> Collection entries

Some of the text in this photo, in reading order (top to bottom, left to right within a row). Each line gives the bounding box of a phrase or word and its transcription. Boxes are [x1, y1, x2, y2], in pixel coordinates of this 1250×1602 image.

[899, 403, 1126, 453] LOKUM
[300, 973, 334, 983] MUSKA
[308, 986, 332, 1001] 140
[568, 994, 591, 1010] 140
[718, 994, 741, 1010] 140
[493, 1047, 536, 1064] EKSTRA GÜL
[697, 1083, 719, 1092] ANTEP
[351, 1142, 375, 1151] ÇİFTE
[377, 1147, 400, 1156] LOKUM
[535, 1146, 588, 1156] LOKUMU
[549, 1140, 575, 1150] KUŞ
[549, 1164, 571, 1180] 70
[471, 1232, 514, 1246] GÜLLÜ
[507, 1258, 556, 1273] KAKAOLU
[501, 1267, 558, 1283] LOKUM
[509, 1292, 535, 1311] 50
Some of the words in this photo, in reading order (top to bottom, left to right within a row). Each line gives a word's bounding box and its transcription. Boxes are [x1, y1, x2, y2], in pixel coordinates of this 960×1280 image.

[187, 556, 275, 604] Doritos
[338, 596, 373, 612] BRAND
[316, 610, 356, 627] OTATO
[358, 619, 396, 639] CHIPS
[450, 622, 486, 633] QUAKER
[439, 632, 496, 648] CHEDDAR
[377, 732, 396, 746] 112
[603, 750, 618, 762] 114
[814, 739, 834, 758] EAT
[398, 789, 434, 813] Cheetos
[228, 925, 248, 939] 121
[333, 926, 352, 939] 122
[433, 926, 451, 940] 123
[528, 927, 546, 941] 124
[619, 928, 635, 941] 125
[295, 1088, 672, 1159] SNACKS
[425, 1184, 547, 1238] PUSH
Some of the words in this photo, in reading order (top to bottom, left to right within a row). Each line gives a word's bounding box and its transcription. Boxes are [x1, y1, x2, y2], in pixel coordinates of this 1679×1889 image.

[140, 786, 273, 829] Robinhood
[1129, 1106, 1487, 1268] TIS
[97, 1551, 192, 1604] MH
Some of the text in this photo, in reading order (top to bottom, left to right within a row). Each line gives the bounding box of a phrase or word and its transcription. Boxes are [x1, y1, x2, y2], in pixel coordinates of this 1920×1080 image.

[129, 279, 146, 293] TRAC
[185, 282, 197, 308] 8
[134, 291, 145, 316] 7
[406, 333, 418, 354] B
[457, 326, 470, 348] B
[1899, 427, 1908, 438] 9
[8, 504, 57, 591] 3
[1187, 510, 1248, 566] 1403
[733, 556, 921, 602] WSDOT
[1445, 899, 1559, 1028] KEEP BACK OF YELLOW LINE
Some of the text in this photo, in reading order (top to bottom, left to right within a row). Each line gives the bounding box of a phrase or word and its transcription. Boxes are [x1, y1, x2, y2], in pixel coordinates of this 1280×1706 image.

> Required work
Please reproduce every record shown above, exactly as written.

> Task output
Some of the text in this photo, in reading order (top to bottom, left to right within a row). Each line gives the bounding box of a phrase or word and its transcription. Boxes are [x1, y1, x2, y2], in pixel coordinates of this 1250×1602 image.

[899, 403, 1126, 453] LOKUM
[300, 973, 334, 983] MUSKA
[308, 986, 332, 1001] 140
[568, 994, 591, 1010] 140
[718, 994, 741, 1010] 140
[493, 1047, 536, 1064] EKSTRA GÜL
[697, 1083, 719, 1092] ANTEP
[351, 1142, 375, 1151] ÇİFTE
[377, 1147, 400, 1156] LOKUM
[535, 1146, 588, 1156] LOKUMU
[549, 1140, 575, 1150] KUŞ
[549, 1164, 571, 1180] 70
[471, 1232, 514, 1246] GÜLLÜ
[507, 1258, 556, 1273] KAKAOLU
[501, 1267, 558, 1283] LOKUM
[509, 1292, 535, 1311] 50
Some of the words in this photo, in reading order (top to bottom, left to right within a row). Each line gives a word's bounding box and its transcription. Boxes are [x1, y1, x2, y2], in pixel coordinates of this 960×1280 image.

[187, 556, 275, 604] Doritos
[338, 596, 373, 612] BRAND
[316, 610, 356, 627] OTATO
[358, 619, 396, 639] CHIPS
[450, 622, 486, 633] QUAKER
[439, 632, 496, 648] CHEDDAR
[377, 732, 396, 746] 112
[603, 750, 618, 762] 114
[814, 739, 834, 758] EAT
[398, 789, 434, 813] Cheetos
[228, 925, 248, 939] 121
[333, 926, 352, 939] 122
[433, 926, 451, 940] 123
[528, 927, 546, 941] 124
[619, 928, 635, 941] 125
[295, 1088, 672, 1159] SNACKS
[425, 1184, 547, 1238] PUSH
Some of the words in this photo, in reading order (top to bottom, left to right within a row). Each line gives a word's bounding box and its transcription. Boxes are [x1, y1, x2, y2], in pixel coordinates of this 1679×1889 image.

[140, 786, 273, 829] Robinhood
[1129, 1106, 1487, 1268] TIS
[97, 1551, 192, 1604] MH
Some of the text in this photo, in reading order (top to bottom, left to right within a row). Each line gives the bounding box of a phrase or word and its transcription. Boxes are [x1, y1, x2, y2], in pixel coordinates of this 1920×1080 image.

[129, 279, 146, 293] TRAC
[185, 282, 197, 308] 8
[134, 291, 145, 316] 7
[406, 333, 418, 354] B
[457, 326, 470, 348] B
[1899, 427, 1908, 438] 9
[8, 504, 57, 591] 3
[1187, 510, 1248, 566] 1403
[733, 556, 921, 602] WSDOT
[1445, 899, 1559, 1028] KEEP BACK OF YELLOW LINE
Some of the text in this photo, in reading order (top to bottom, left to right within a row). Each line gives the bounding box of a phrase or word and its transcription. Boxes are [x1, y1, x2, y2], in pixel coordinates of this 1280×1706 image.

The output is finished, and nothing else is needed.